- **GOAL OF THE EXERCISE**
Print the data below exactly as it stands, and keep the pictures out.

····················

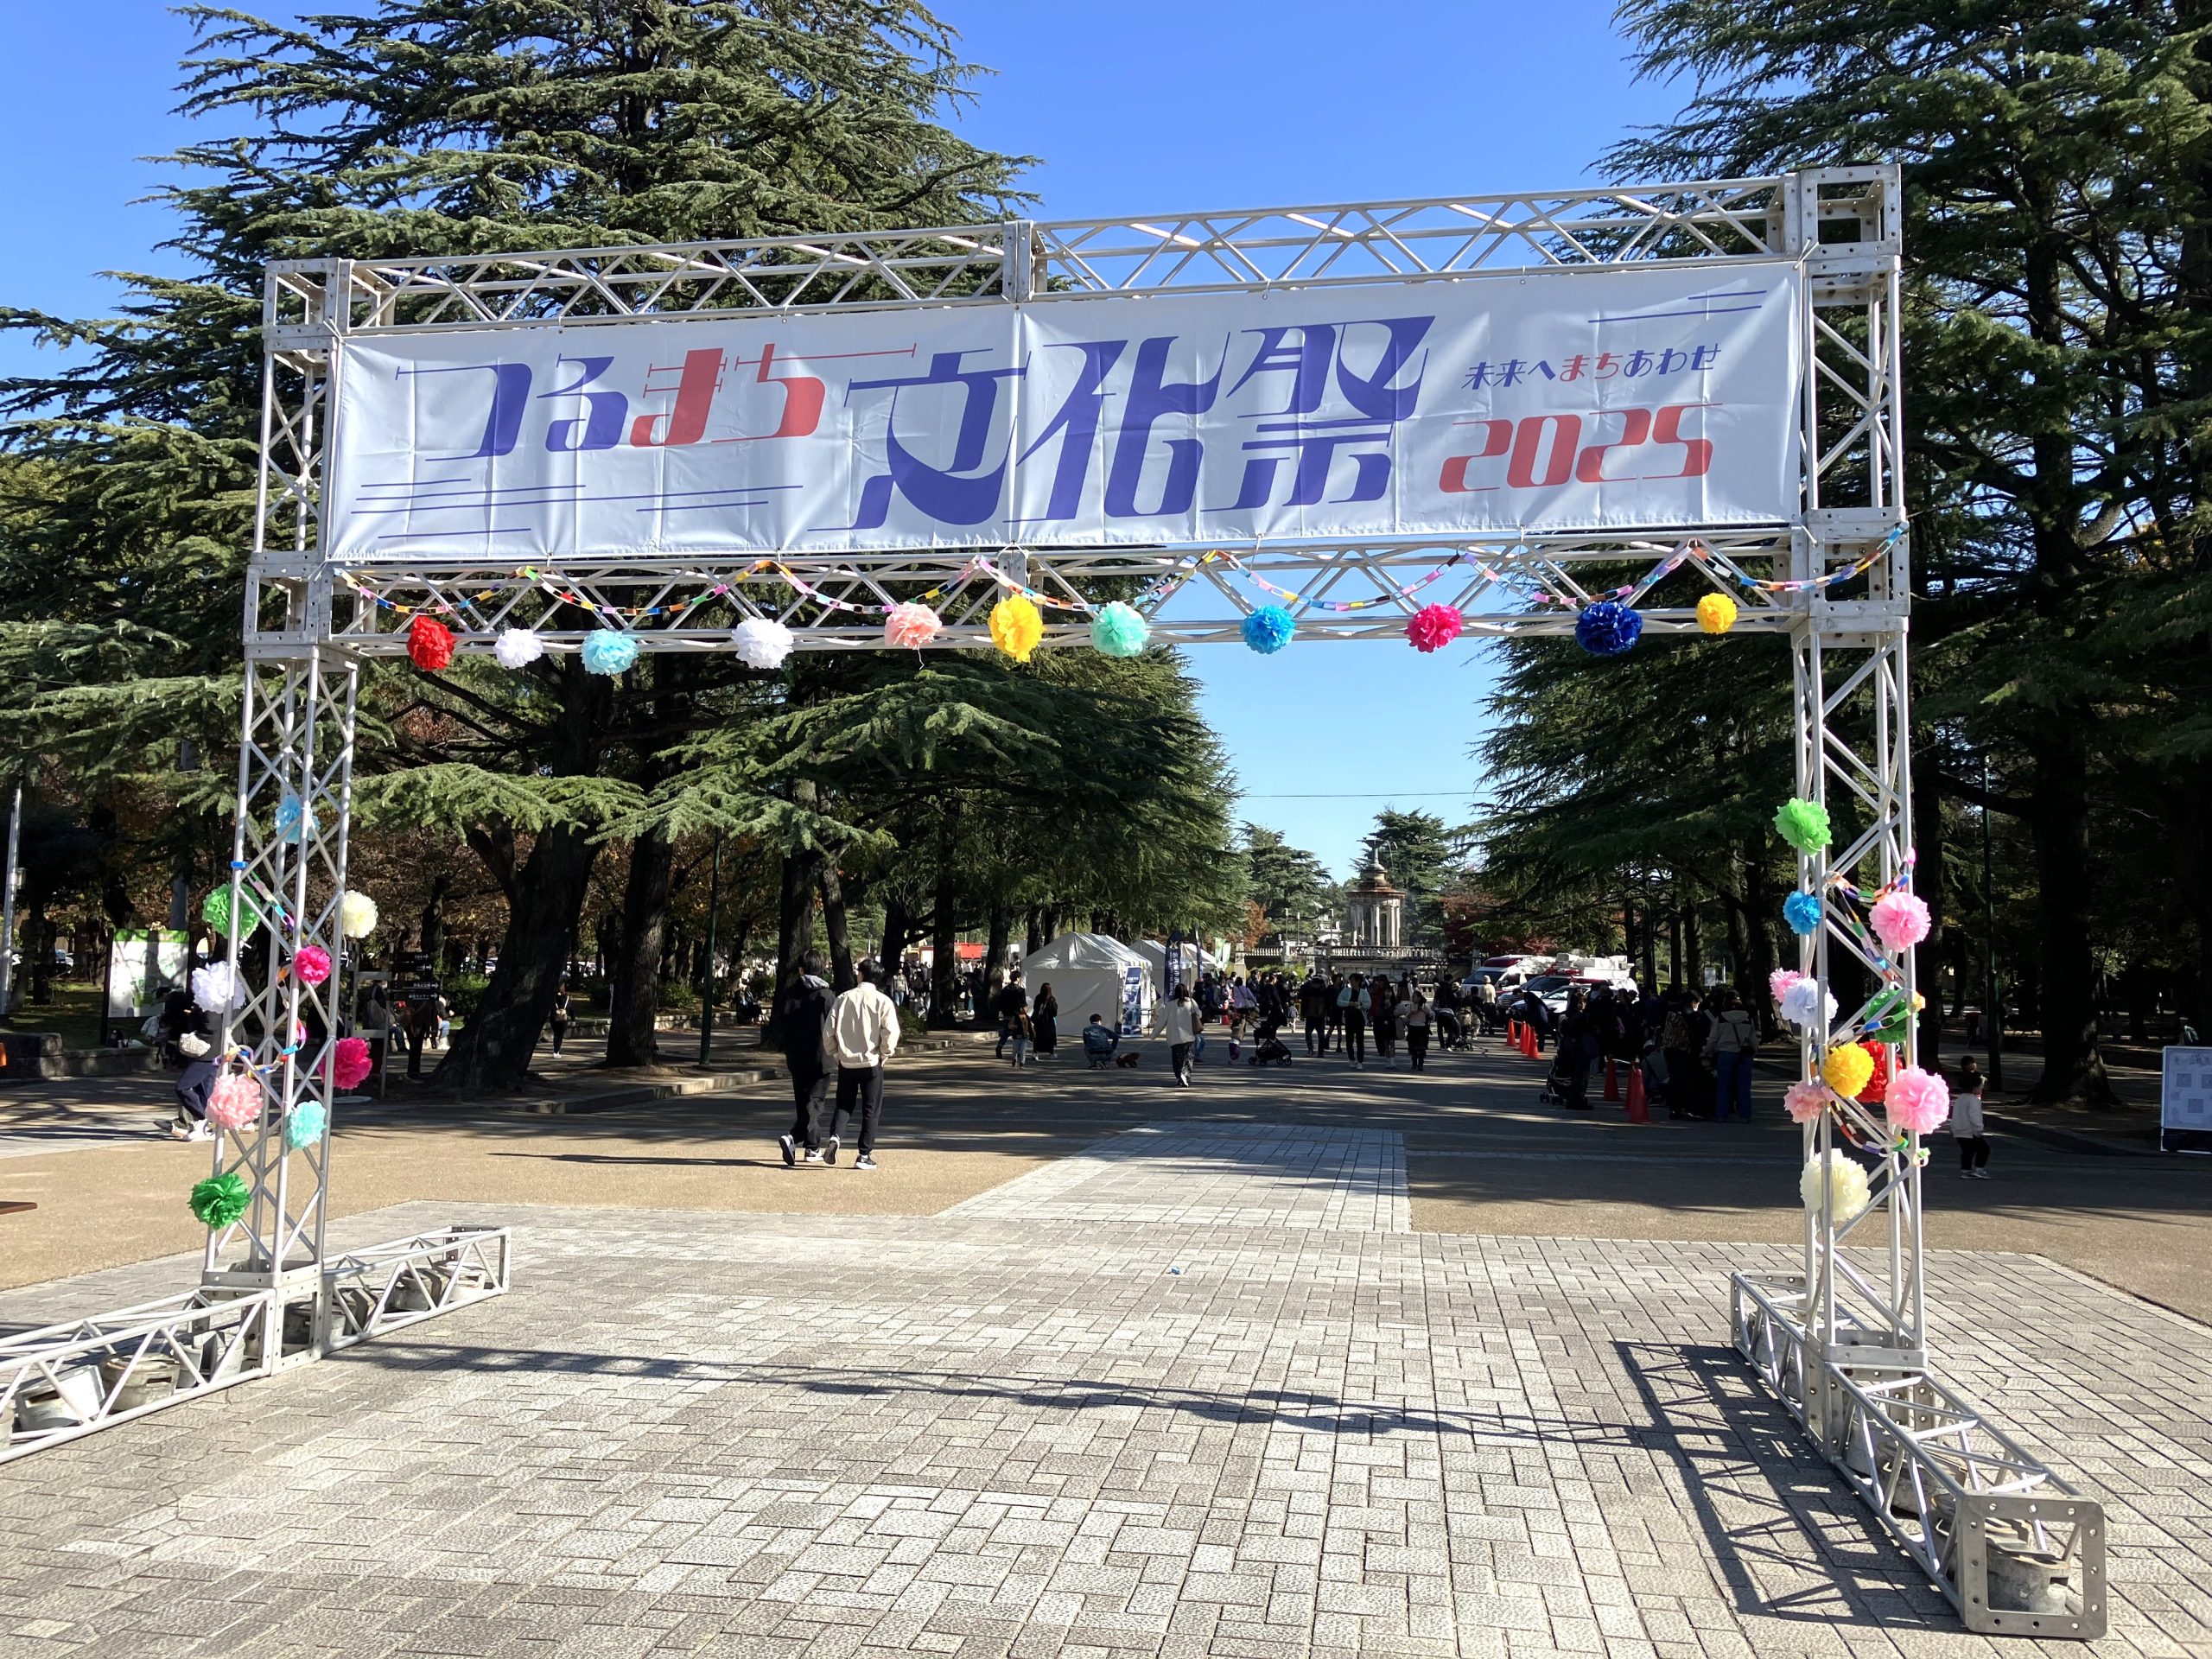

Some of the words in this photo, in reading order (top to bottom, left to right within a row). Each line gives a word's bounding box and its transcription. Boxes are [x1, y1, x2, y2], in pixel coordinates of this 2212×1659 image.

[1461, 343, 1722, 391] 未来へまちあわせ
[396, 316, 1434, 531] つるまち文化祭
[1440, 403, 1723, 493] 2025
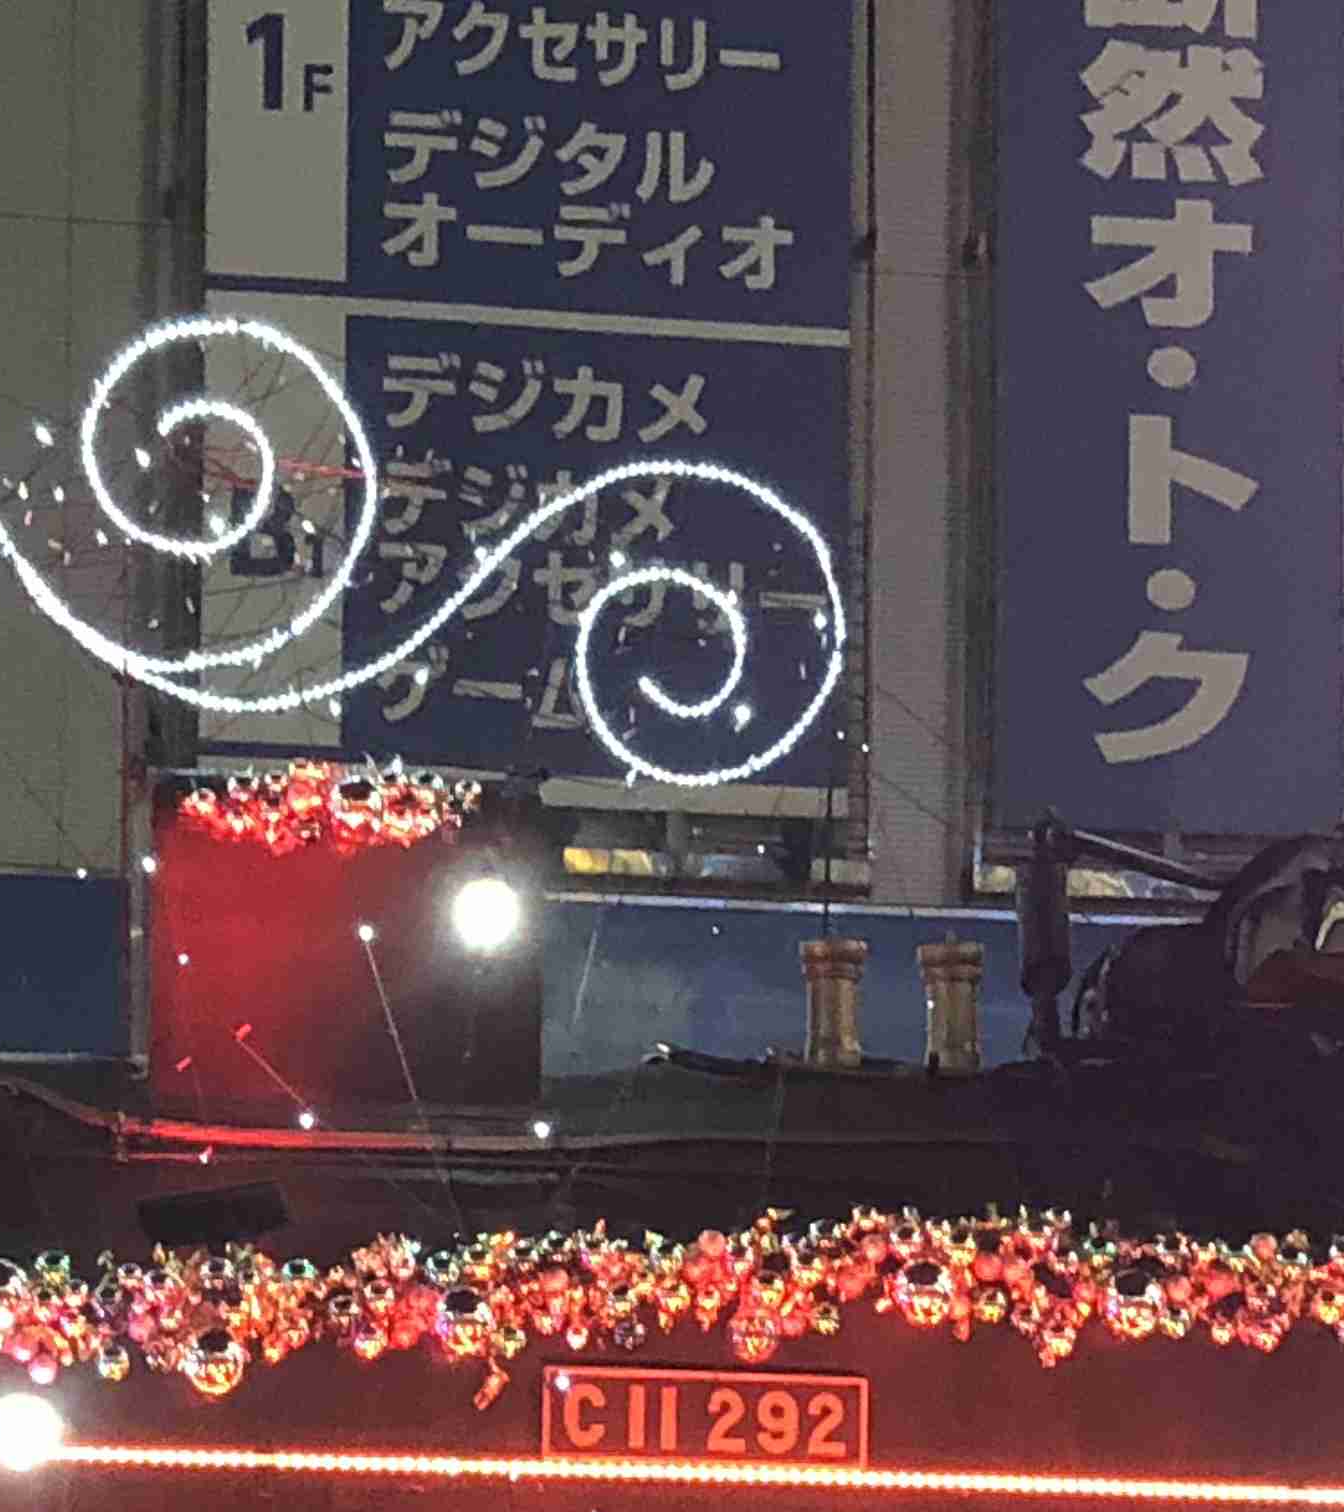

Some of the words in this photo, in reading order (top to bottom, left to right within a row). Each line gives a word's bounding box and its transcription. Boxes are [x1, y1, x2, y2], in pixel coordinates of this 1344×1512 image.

[382, 0, 782, 91] アクセサリー
[382, 109, 715, 203] デジタル
[382, 191, 794, 291] オーディオ
[382, 352, 708, 444] デジカメ
[1078, 0, 1266, 765] 然オ・ト・ク
[707, 1387, 847, 1458] 292

····················

- **YOUR RESPONSE**
Some of the words in this photo, in reading order (top to bottom, left to right within a row). Each line gives a word's bounding box and its transcription. Boxes are [x1, y1, x2, y2], in pixel coordinates of this 2212×1659 image.

[1461, 343, 1722, 391] 未来へまちあわせ
[396, 316, 1434, 531] つるまち文化祭
[1440, 403, 1723, 493] 2025

Some of the words in this photo, in reading order (top to bottom, left to right within a row). Each line gives a word's bounding box and its transcription. Boxes are [x1, y1, x2, y2], in pixel coordinates of this 1344×1512 image.

[382, 0, 782, 91] アクセサリー
[382, 109, 715, 203] デジタル
[382, 191, 794, 291] オーディオ
[382, 352, 708, 444] デジカメ
[1078, 0, 1266, 765] 然オ・ト・ク
[707, 1387, 847, 1458] 292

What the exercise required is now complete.